(What the task asks) Your copy of the data should match it exactly, except that the pictures are gone.

(Referring expression grounding data)
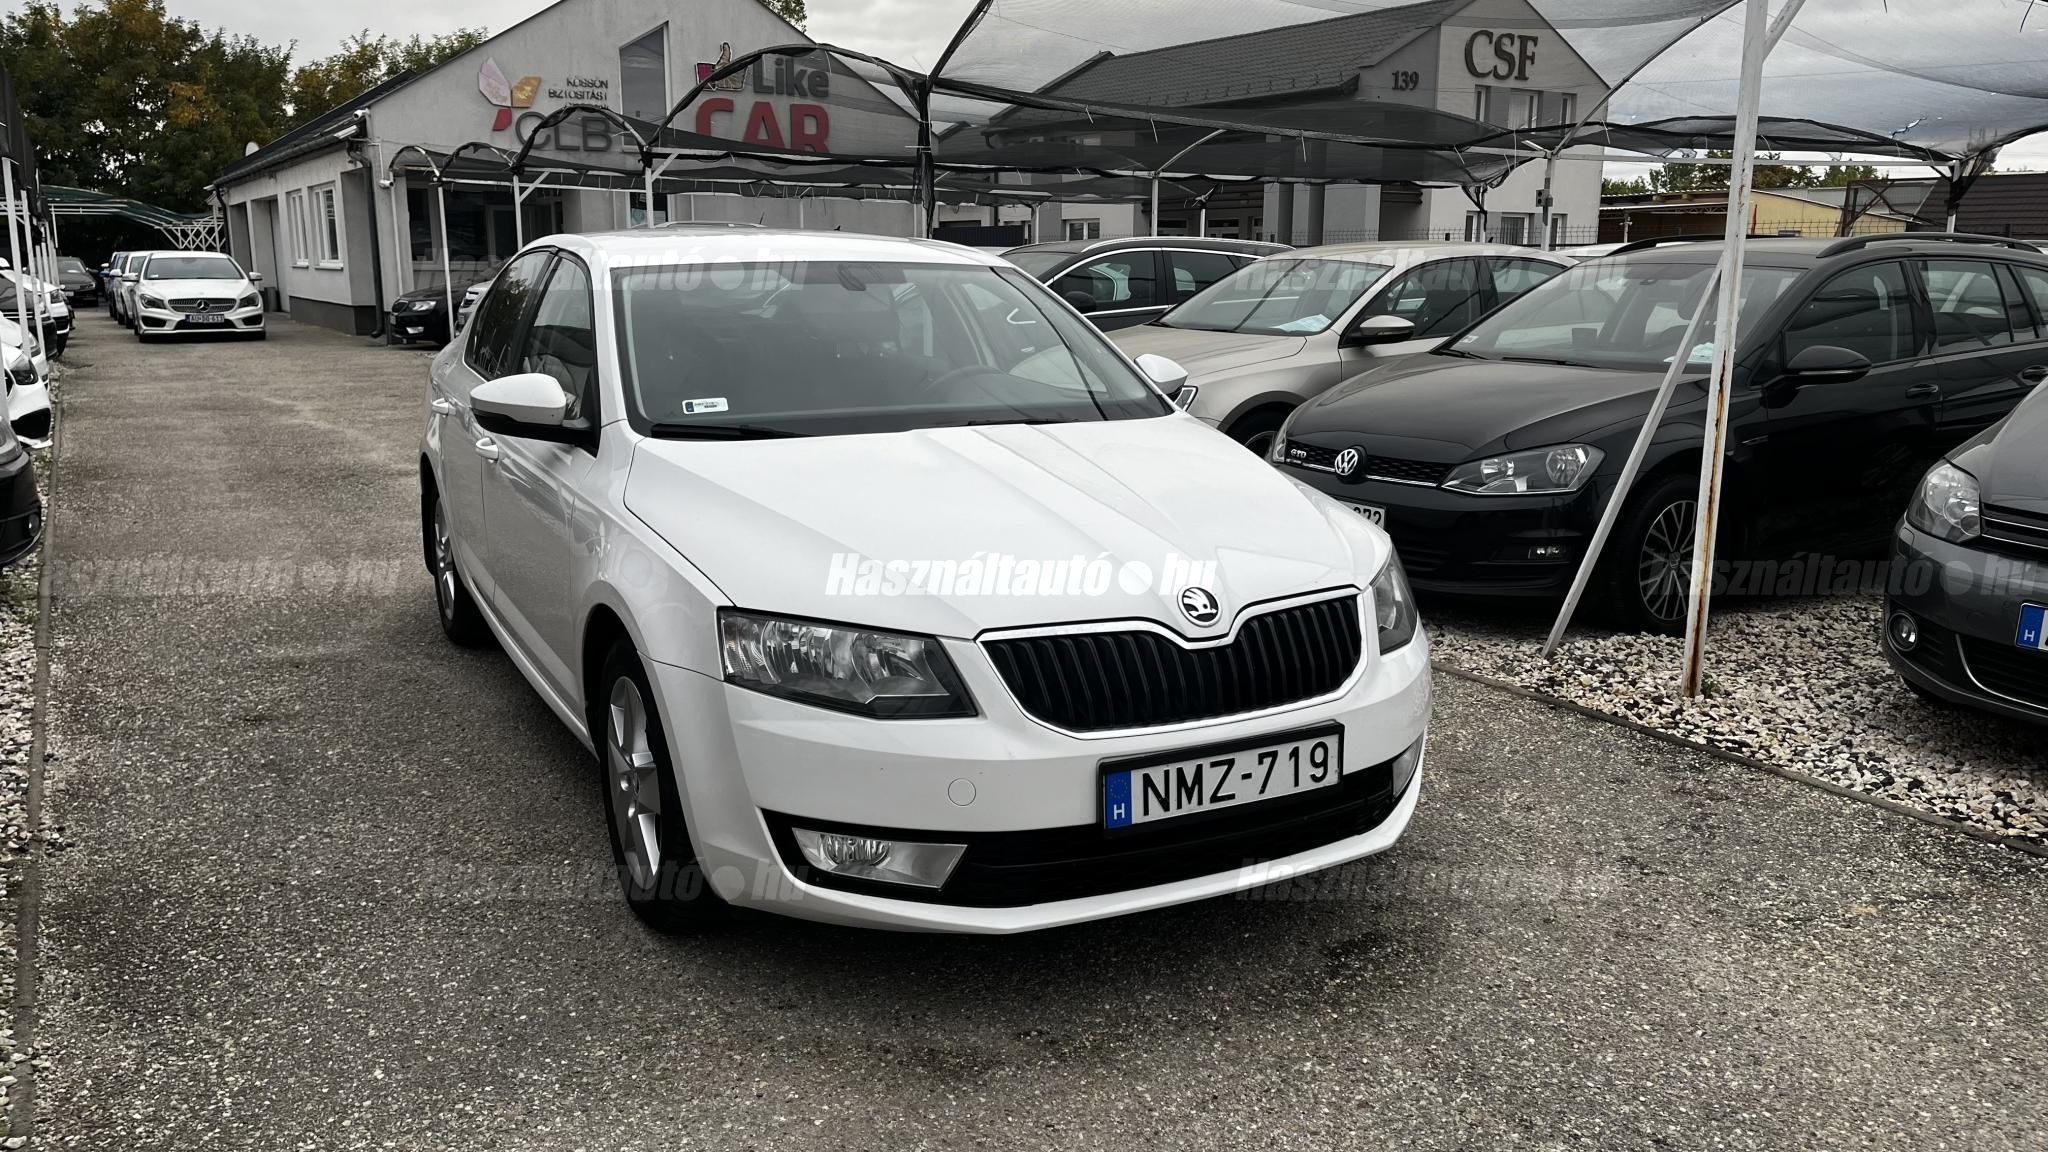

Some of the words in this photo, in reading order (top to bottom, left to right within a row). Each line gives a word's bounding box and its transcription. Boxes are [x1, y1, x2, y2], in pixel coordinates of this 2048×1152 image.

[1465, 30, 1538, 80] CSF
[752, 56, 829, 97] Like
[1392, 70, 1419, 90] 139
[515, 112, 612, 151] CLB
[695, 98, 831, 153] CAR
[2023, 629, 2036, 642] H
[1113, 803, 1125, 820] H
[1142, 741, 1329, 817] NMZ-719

(Task solution)
Some of the words in this photo, in reading order (top to bottom, left to right within a row). Each line gives a word's bounding box and its transcription. Boxes are [x1, y1, x2, y2], in pixel coordinates of this 2048×1152 image.

[1465, 30, 1538, 80] CSF
[752, 56, 829, 97] Like
[1392, 70, 1419, 90] 139
[515, 112, 612, 151] CLB
[695, 98, 831, 153] CAR
[2023, 629, 2036, 642] H
[1113, 803, 1125, 820] H
[1142, 741, 1329, 817] NMZ-719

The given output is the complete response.